Keywords: Gingival recessions, platelet rich plasma, guided tissue regeneration, periodontal
INTRODUCTION
Gingival recession defects are typically treated by periodontal plastic surgery to correct or eliminate the deformities of the gingival mucosa.[1] Various mucogingival procedures have been used, including creation of free gingival grafts, laterally positioned flaps or coronally positioned flaps, as well as guided tissue regeneration (GTR) and connective tissue grafting.[2] The coronally advanced flap (CAF) is a simple pedicle flap that can be utilized for root coverage and does not require graft harvesting. However, some data have shown that root coverage associated with CAF used alone is unstable in the long time, where it shrinks from 89% in 1-month postoperatively to 58.8% after 6 months.[3] The potential limitation of CAF is the limited gain in the apico-coronal direction of the keratinized tissue, which is an important parameter in recurrence of gingival recession.[4] Therefore, data indicate that the CAF used alone is a less-optimal technique to achieve root coverage despite having advantage of generating low morbidity.[5]
Coronally advanced flap resulted in the re-formation of epithelial and connective tissue attachment with minimal bone repair.
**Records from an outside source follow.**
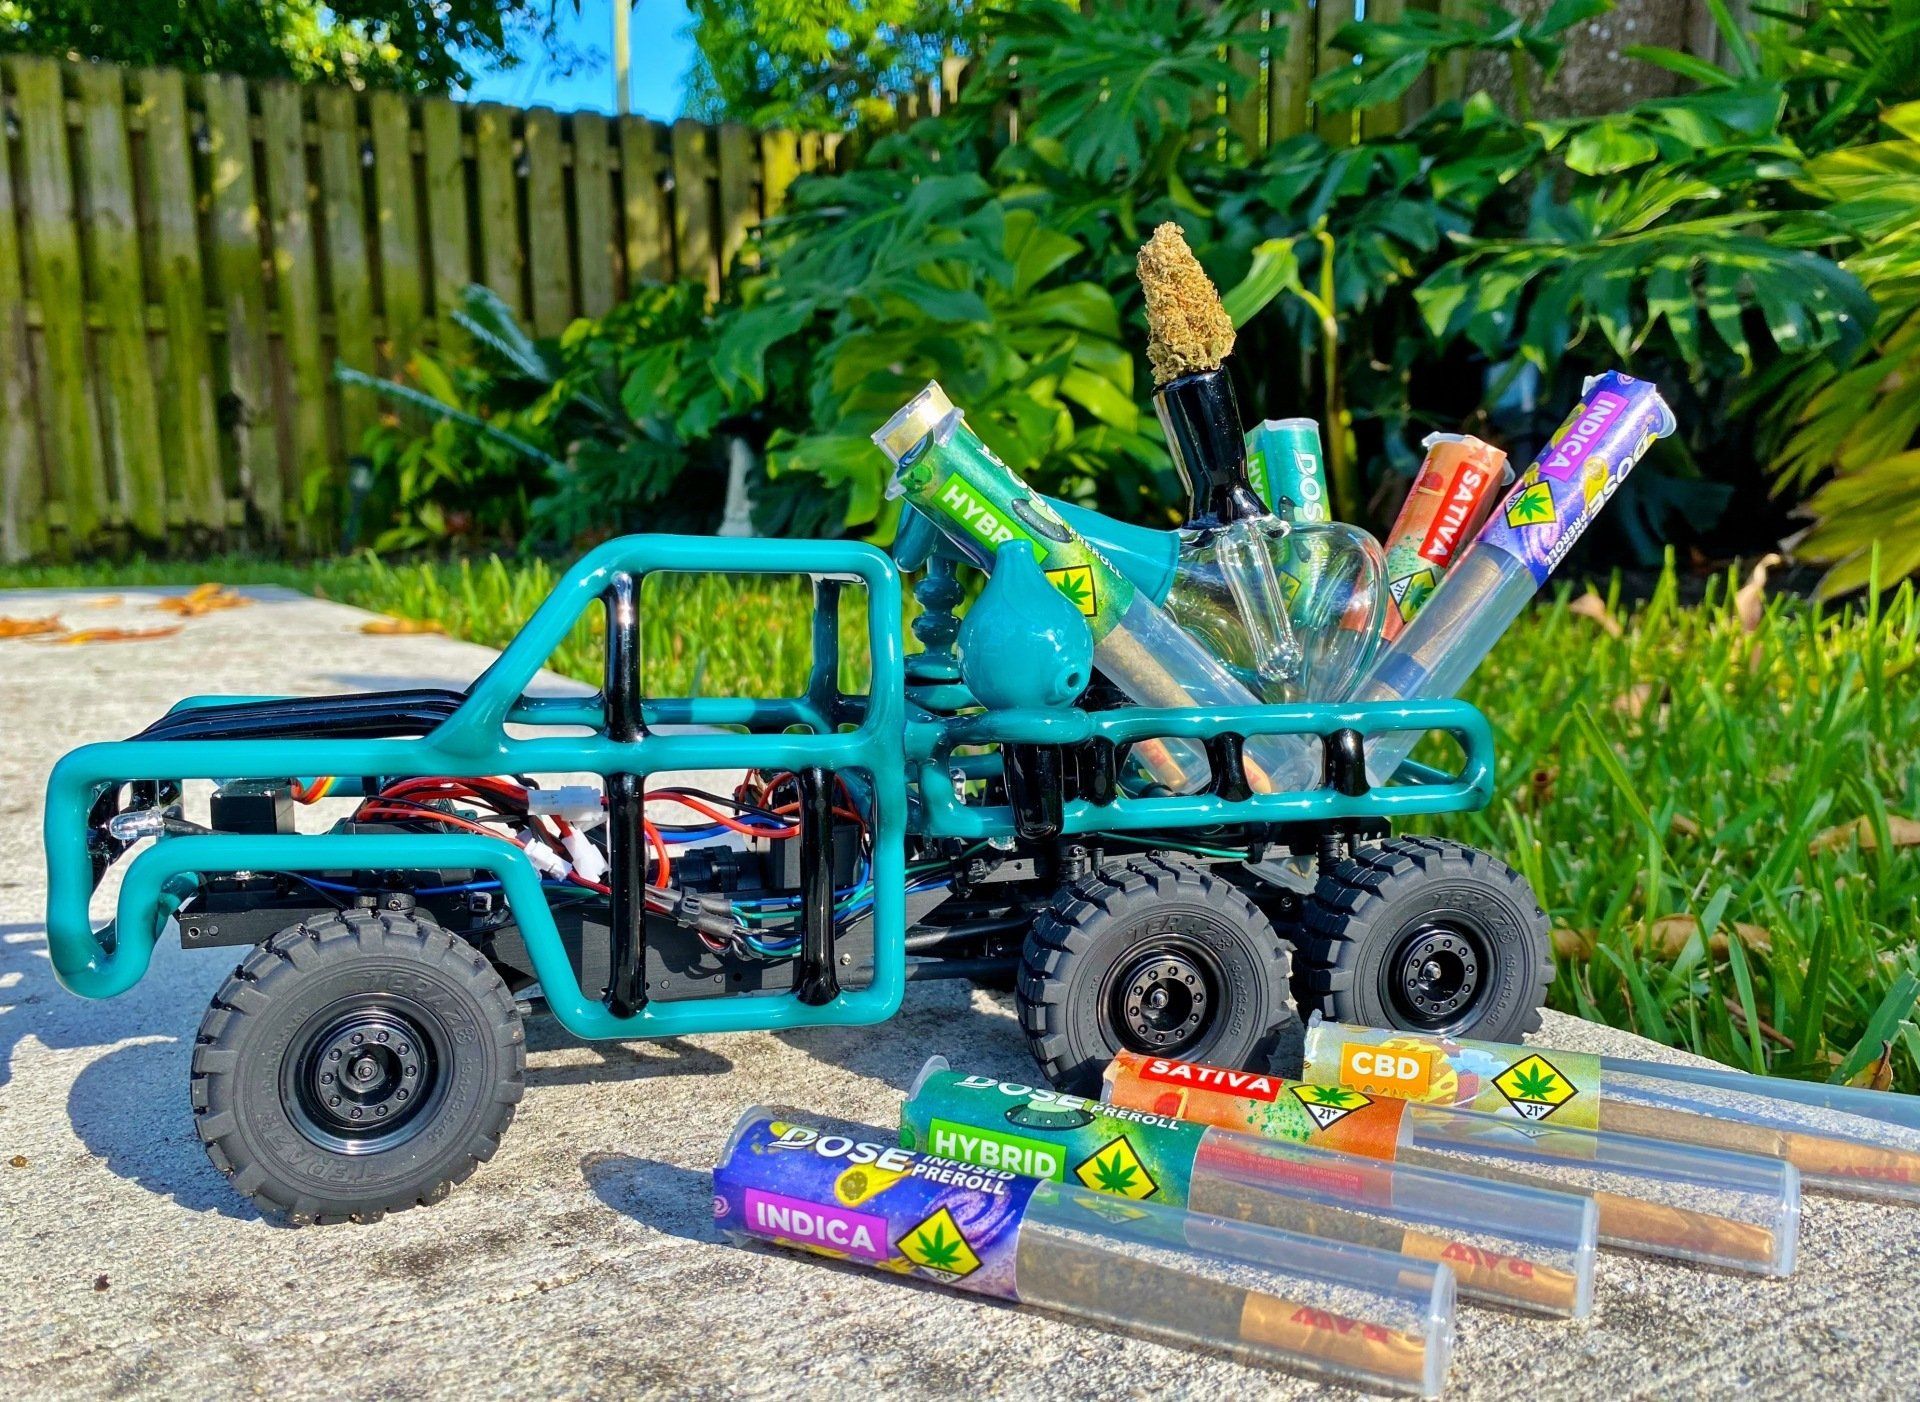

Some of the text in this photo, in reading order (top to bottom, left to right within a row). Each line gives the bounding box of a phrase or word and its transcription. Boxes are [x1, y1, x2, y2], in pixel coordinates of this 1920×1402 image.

[1549, 399, 1617, 468] INDICA
[942, 485, 1014, 545] HYBR
[1428, 469, 1482, 557] SATIVA
[1543, 510, 1587, 565] PREROLL
[1149, 1060, 1271, 1094] SATIVA
[1351, 1052, 1420, 1080] CBD
[954, 1075, 1088, 1110] DOSE
[1525, 1103, 1545, 1117] 21+
[1090, 1104, 1180, 1131] PREROLL
[1318, 1108, 1338, 1120] 21+
[767, 1126, 916, 1173] DOSE
[936, 1129, 1057, 1178] HYBRID
[911, 1163, 1006, 1196] PREROLL
[923, 1154, 1017, 1182] INFUSED
[756, 1201, 877, 1253] INDICA
Thereafter, various adjunctive agents have been applied to promote healing and further enhance clinical outcome. These include root conditioners (e.g., citric acid,[6] tetracycline[7]), GTR (Bio-resorbable membrane,[8] collagen membrane[9]), enamel matrix proteins,[10] subepithelial connective tissue graft,[11] recombinant growth factors, and platelet rich plasma (PRP).[12] According to Marx et al. who first reported applications and clinical benefits of PRP in 1998, it is “a volume of autologous plasma that has a platelet concentration above the baseline”.[13] PRP has become a focus of current studies due to its potential to accelerate wound healing.[14] It is derived from concentrated platelets, allowing it to deliver a greater concentration of autologous growth factors including platelet derived growth factor, transforming growth factor-β, vascular endothelial growth factor, epithelial growth factors, insulin like growth factor.[14]
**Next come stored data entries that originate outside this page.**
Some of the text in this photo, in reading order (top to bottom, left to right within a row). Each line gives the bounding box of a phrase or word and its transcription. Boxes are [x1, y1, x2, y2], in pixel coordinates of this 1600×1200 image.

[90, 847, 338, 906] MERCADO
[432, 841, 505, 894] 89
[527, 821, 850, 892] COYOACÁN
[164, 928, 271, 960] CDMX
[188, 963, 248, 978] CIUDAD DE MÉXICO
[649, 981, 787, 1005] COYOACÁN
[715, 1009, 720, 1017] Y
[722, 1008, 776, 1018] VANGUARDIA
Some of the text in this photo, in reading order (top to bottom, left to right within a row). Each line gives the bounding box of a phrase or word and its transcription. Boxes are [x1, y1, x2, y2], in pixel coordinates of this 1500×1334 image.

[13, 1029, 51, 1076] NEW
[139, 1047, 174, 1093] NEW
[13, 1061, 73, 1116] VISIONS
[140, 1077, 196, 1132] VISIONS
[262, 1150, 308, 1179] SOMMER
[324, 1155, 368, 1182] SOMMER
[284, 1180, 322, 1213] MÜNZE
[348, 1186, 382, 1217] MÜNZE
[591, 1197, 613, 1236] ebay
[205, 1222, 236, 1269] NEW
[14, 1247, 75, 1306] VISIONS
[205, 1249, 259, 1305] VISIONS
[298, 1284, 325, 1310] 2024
Many studies have demonstrated that PRP enhances early maturation of bone, new bone formation and increases bone density,[15] early graft maturation,[16] early healing of bone around implants,[17] treating periodontal defects,[18] maxillary sinus augmentation,[16] ridge augmentation procedures,[16] and repair of peri-implant defects. Furthermore, PRP can be considered a safe method of growth factor utilization due to its autologous origin.[19] Depending on the initial platelet counts, it is common to achieve the platelet concentration three times higher than the baseline.
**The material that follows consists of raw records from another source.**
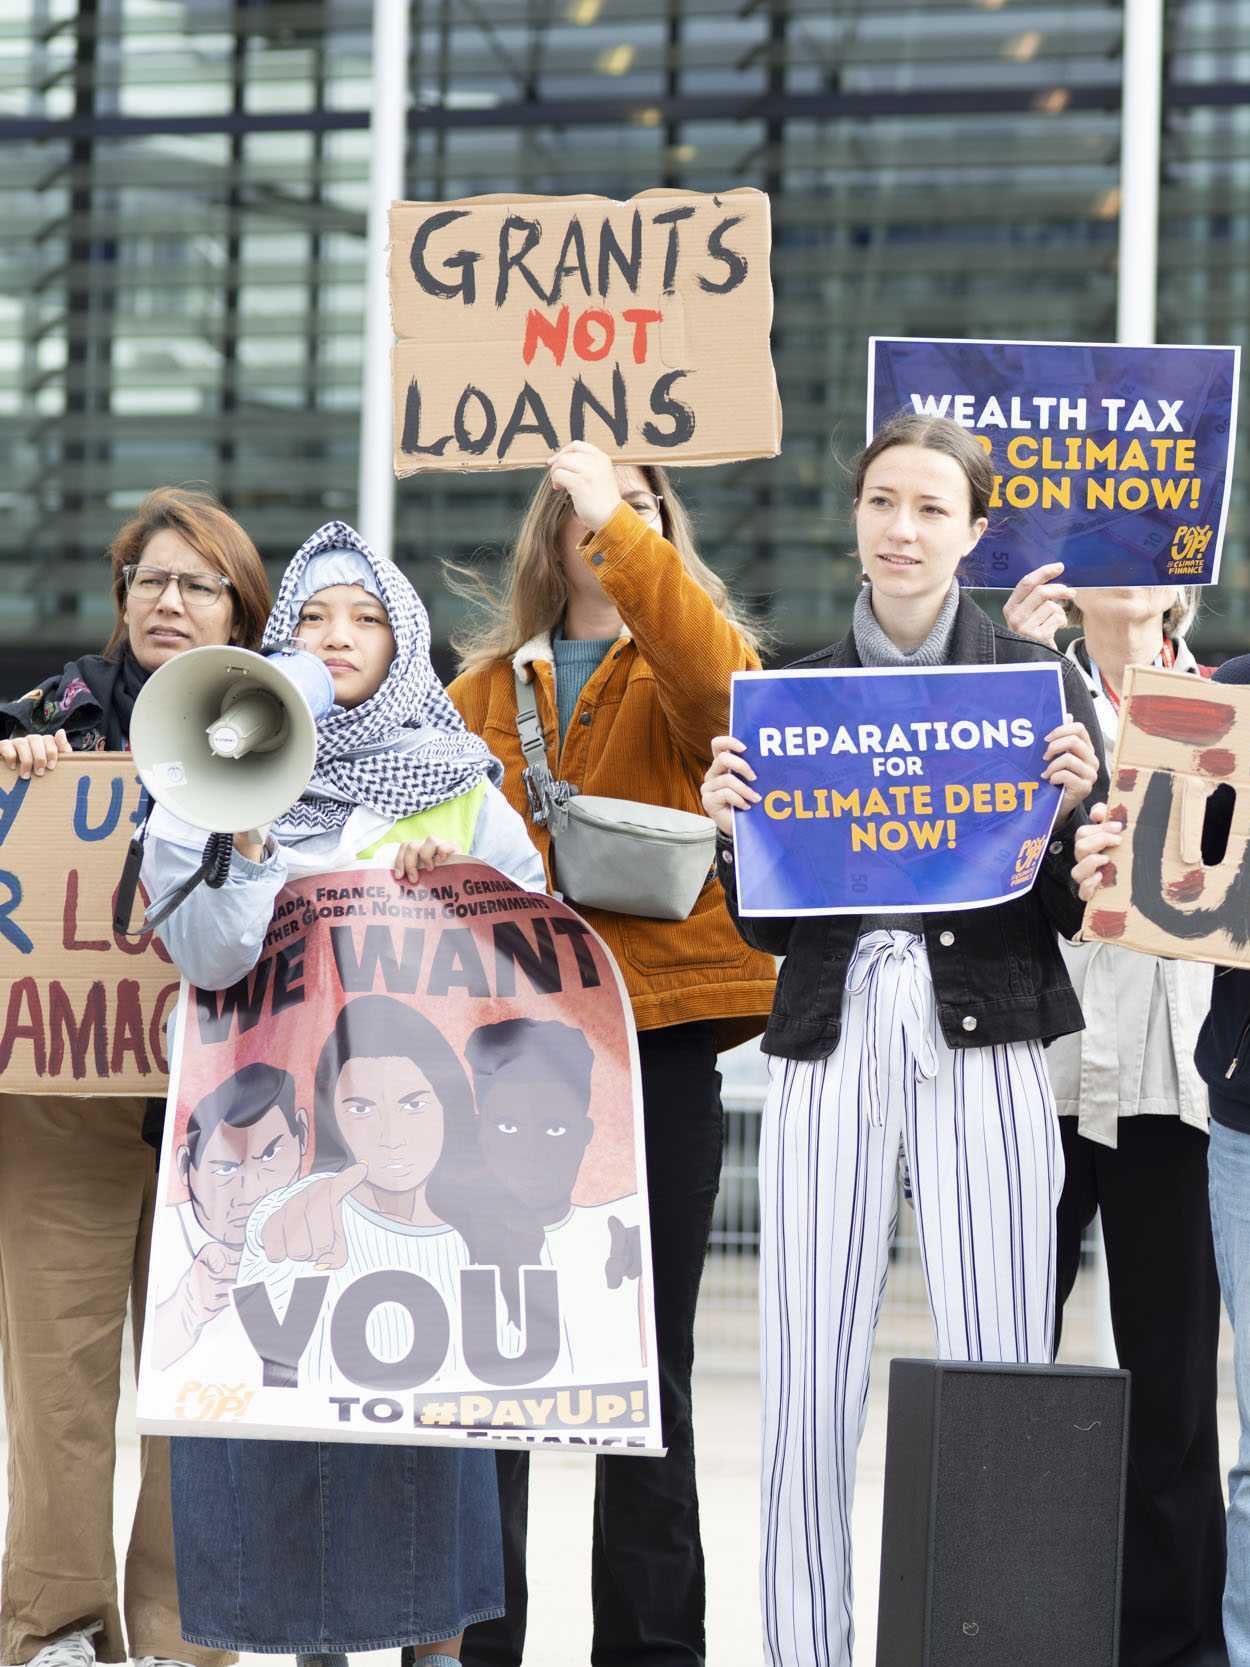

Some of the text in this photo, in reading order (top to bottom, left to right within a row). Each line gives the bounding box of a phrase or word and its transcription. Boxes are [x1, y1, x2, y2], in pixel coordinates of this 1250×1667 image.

[522, 304, 663, 368] NOT
[401, 362, 696, 461] LOANS
[911, 394, 1087, 431] WEALTH
[1101, 398, 1184, 432] TAX
[1007, 436, 1196, 471] CLIMATE
[1087, 477, 1201, 510] NOW!
[758, 718, 1035, 757] REPARATIONS
[872, 756, 924, 777] FOR
[763, 782, 1039, 821] CLIMATE DEBT
[851, 820, 957, 853] NOW!
[316, 886, 391, 902] FRANCE,
[400, 885, 459, 902] JAPAN,
[262, 920, 300, 948] THER
[303, 903, 366, 926] GLOBAL
[372, 901, 436, 920] NORTH
[196, 917, 601, 1045] WE WANT
[233, 1268, 561, 1392] YOU
[329, 1397, 404, 1424] TO
Several clinical and histological studies reveal that a specific platelet-concentrated therapeutic concept could be an encouraging medium for the improvement of soft tissue healing and regeneration in periodontology and implantology.[20] Considering this background, this study has been undertaken to evaluate the role of PRP on coronally advanced root coverage procedure.
MATERIALS AND METHODS
A randomized controlled trial approved by the Ethics Committee of the AME's Dental College Hospital and Research Centre Raichur India, with registry number AME/Perio/201-2008 was performed on 30 patients both male and female in the age group of 18-45 years. Total sample was divided into two groups. Subjects with Millers Class I and Class II facial gingival recession of both maxillary and mandibular arches were randomly assigned to either test group (PRP + CAF) or control group (CAF only).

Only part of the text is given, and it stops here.